> Task to carry out:
Verbatim copy, pictures excluded: every line from the one with "this 2048×1365 image." through the final line of the data below, and no other line.

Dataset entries
╔══

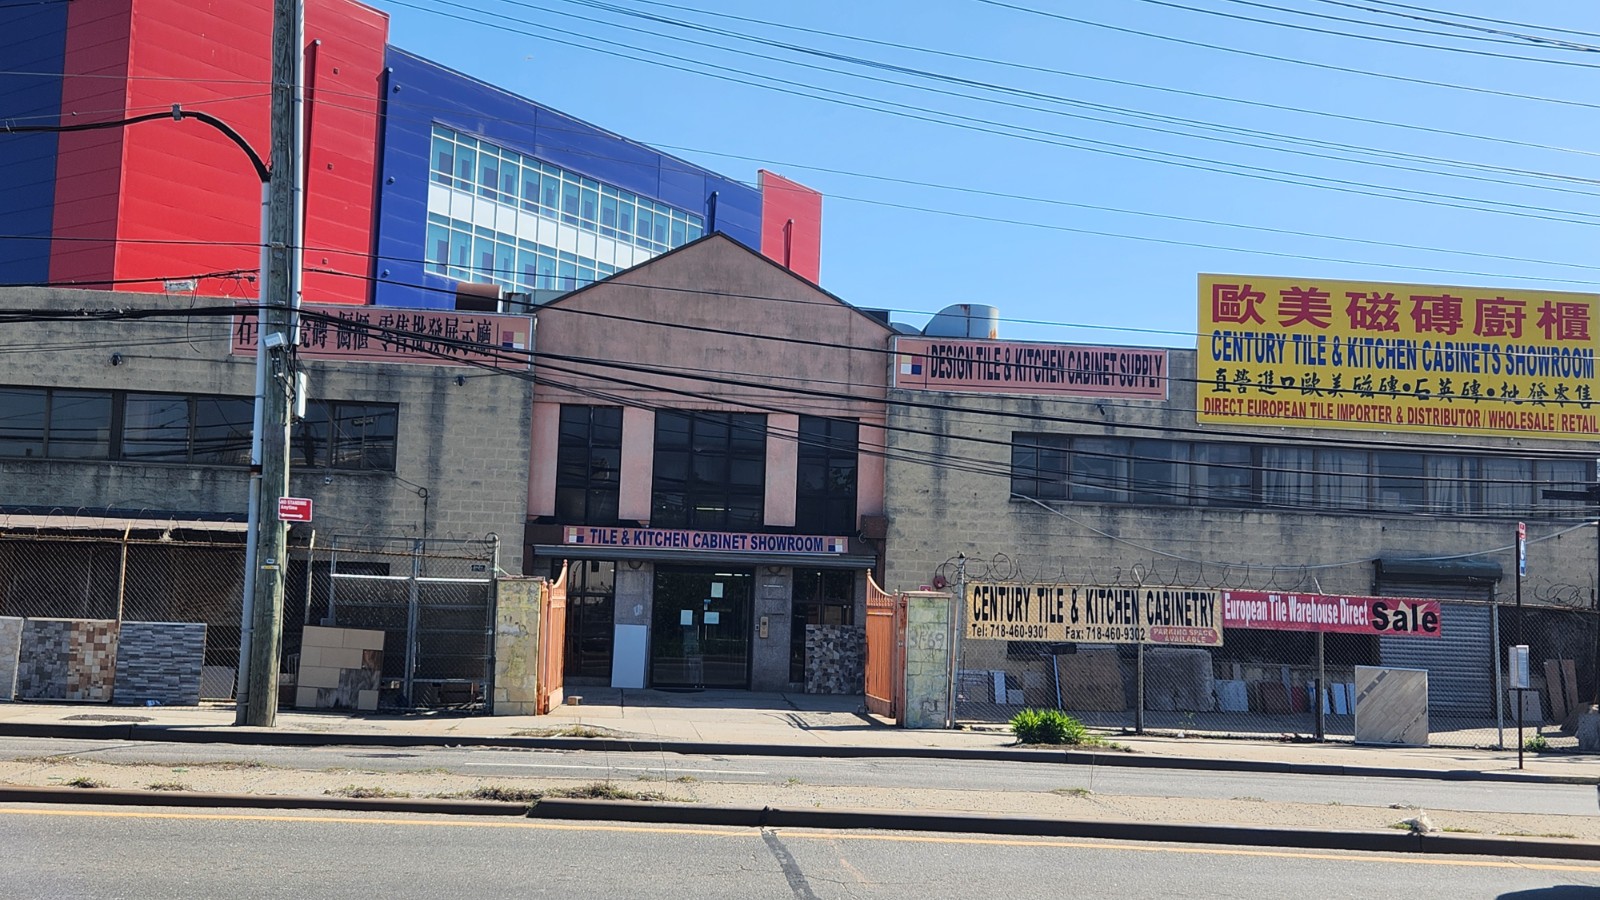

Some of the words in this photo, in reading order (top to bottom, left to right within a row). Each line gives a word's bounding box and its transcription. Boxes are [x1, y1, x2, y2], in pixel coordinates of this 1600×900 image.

[1211, 284, 1591, 341] 歐美磁磚廚櫃
[931, 344, 974, 380] DESIGN
[976, 347, 1001, 381] TILE
[1004, 347, 1012, 381] &
[1015, 348, 1065, 384] KITCHEN
[1067, 350, 1118, 387] CABINET
[1120, 352, 1163, 388] SUPPLY
[1211, 330, 1287, 364] CENTURY
[1292, 334, 1327, 366] TILE
[1331, 335, 1343, 367] &
[1347, 337, 1417, 370] KITCHEN
[1422, 340, 1502, 375] CABINETS
[1505, 344, 1595, 379] SHOWROOM
[1204, 397, 1244, 418] DIRECT
[1247, 398, 1307, 419] EUROPEAN
[1310, 401, 1334, 420] TILE
[1337, 403, 1392, 423] IMPORTER
[1396, 405, 1403, 423] &
[1407, 406, 1481, 427] DISTRIBUTOR
[1489, 410, 1555, 431] WHOLESALE
[1561, 413, 1599, 433] RETAIL
[590, 528, 618, 545] TILE
[621, 529, 630, 545] &
[633, 530, 689, 548] KITCHEN
[692, 531, 748, 550] CABINET
[750, 534, 824, 552] SHOWROOM
[973, 586, 1031, 622] CENTURY
[1037, 587, 1064, 623] TILE
[1070, 588, 1079, 624] &
[1085, 588, 1140, 625] KITCHEN
[1146, 590, 1216, 627] CABINETRY
[1224, 592, 1268, 627] European
[1268, 594, 1287, 622] Tile
[1288, 596, 1339, 625] Warehouse
[1340, 598, 1369, 626] Direct
[1371, 601, 1438, 633] Sale
[971, 624, 988, 638] Tel:
[990, 625, 1049, 639] 718-460-9301
[1065, 626, 1084, 640] Fax:
[1086, 627, 1146, 641] 718-460-9302
[1153, 628, 1188, 636] PARKING
[1188, 629, 1213, 637] SPACE
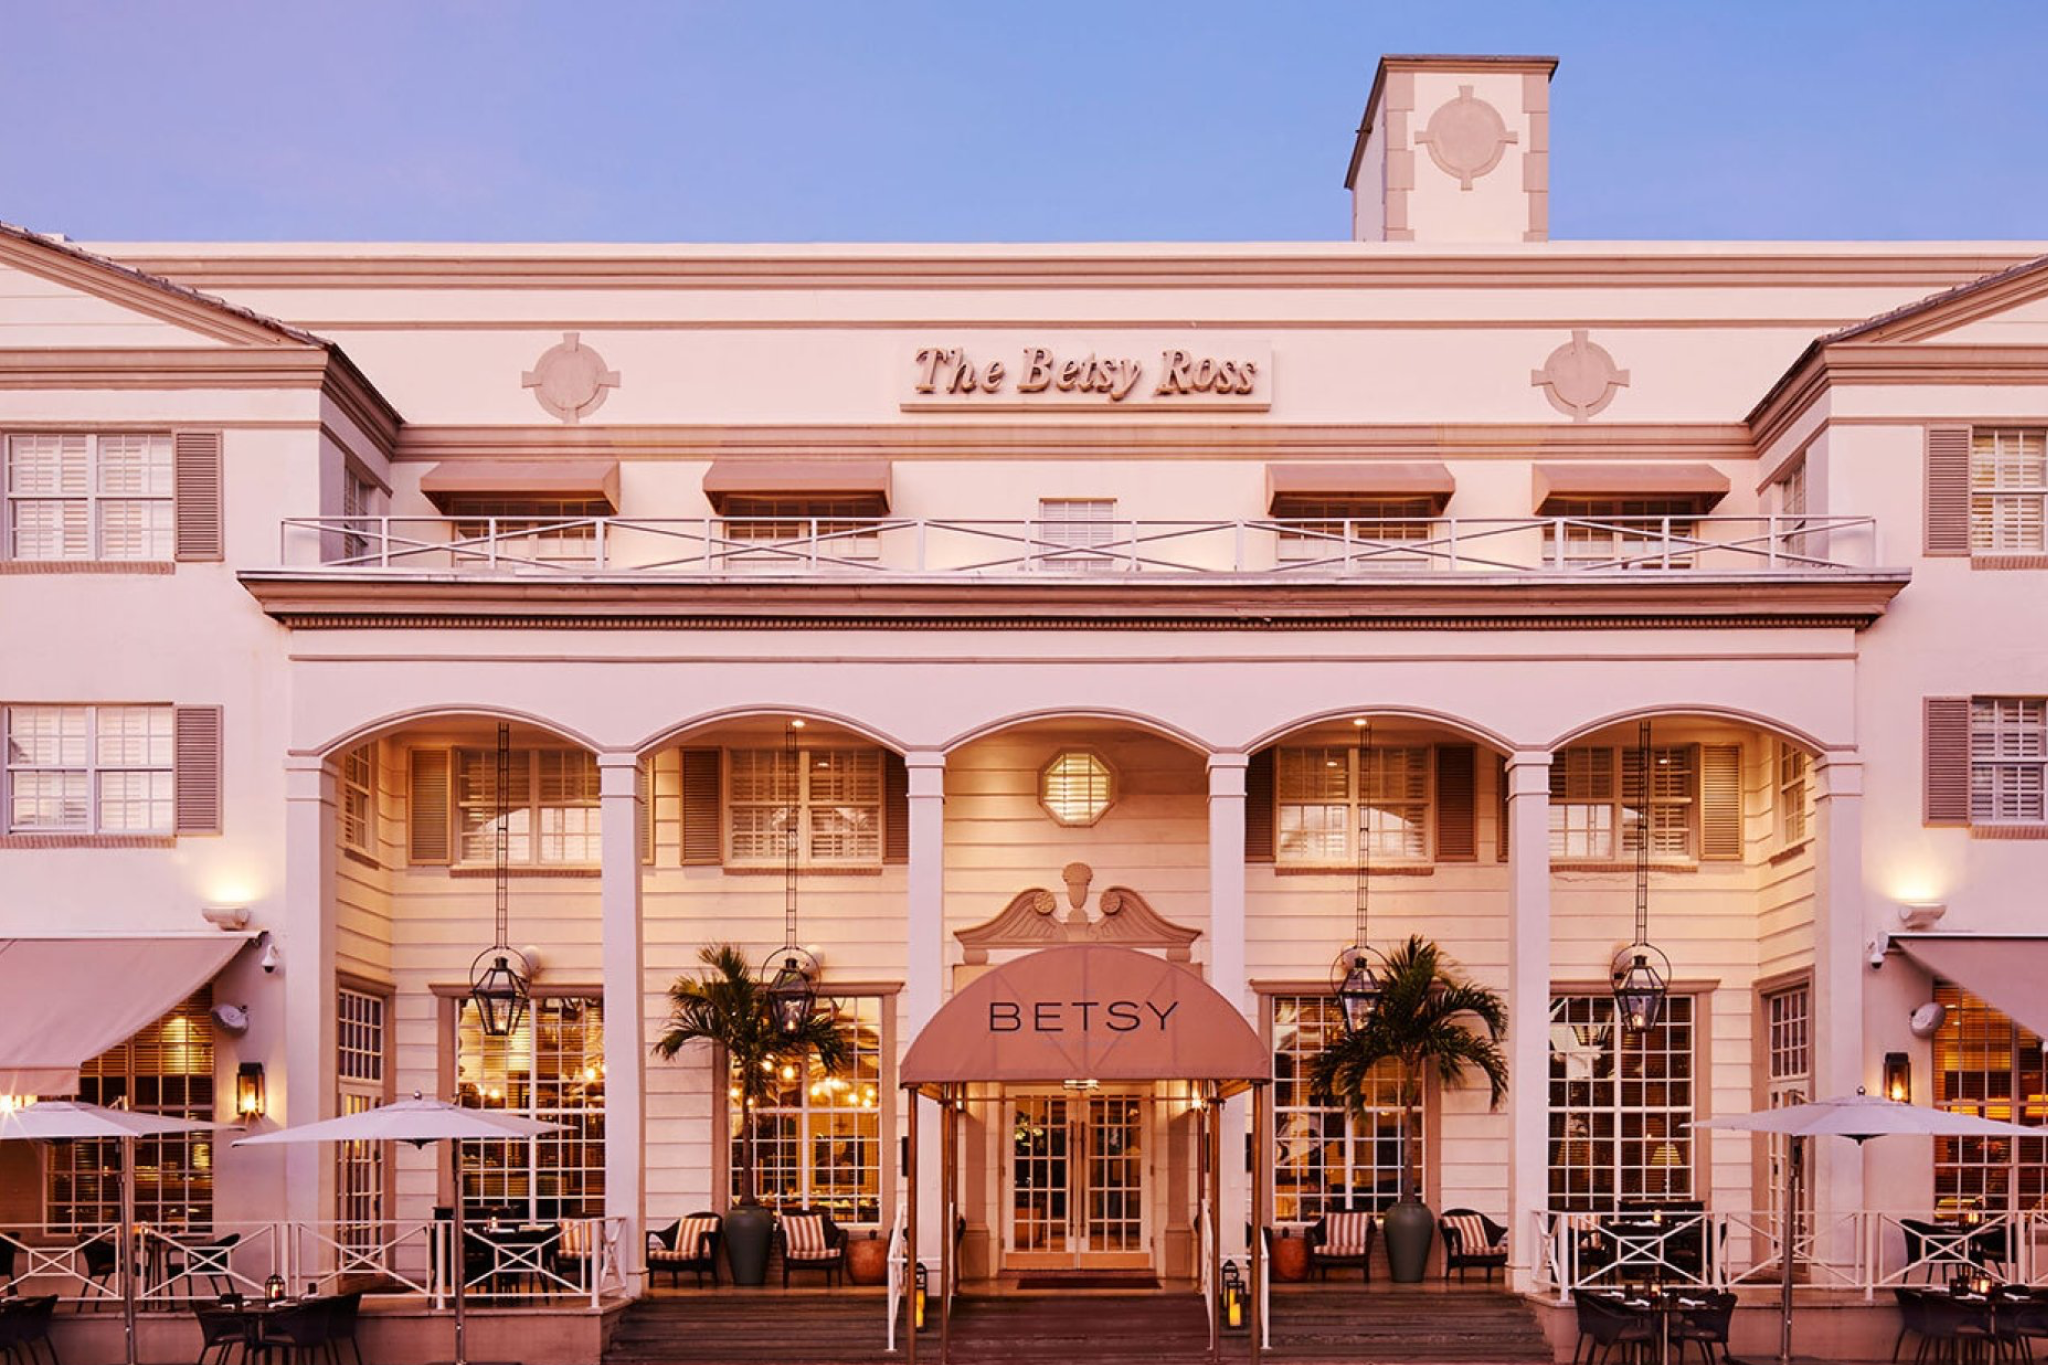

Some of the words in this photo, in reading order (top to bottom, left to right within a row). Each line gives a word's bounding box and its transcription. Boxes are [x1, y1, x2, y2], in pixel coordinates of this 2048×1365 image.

[914, 348, 1006, 395] The
[1016, 348, 1142, 401] Betsy
[1151, 348, 1258, 396] Ross
[989, 1001, 1179, 1032] BETSY
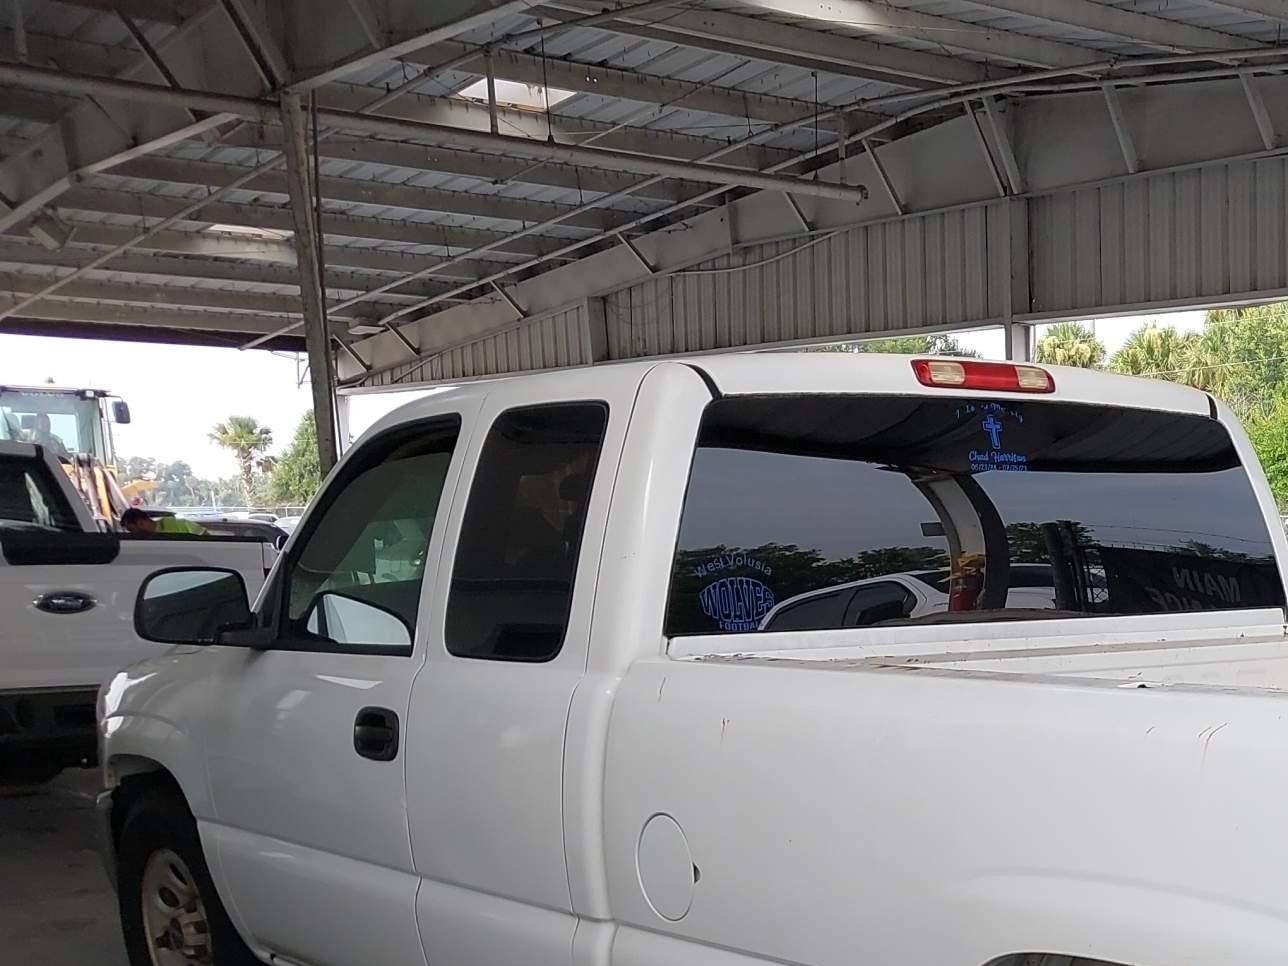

╚══

> Answer to the problem:
Some of the words in this photo, in reading order (top to bottom, left to right within a row). Each line gives a word's bounding box and its transcription. Boxes are [x1, y1, x2, y2], in pixel coordinates of this 2048×1365 image.

[914, 348, 1006, 395] The
[1016, 348, 1142, 401] Betsy
[1151, 348, 1258, 396] Ross
[989, 1001, 1179, 1032] BETSY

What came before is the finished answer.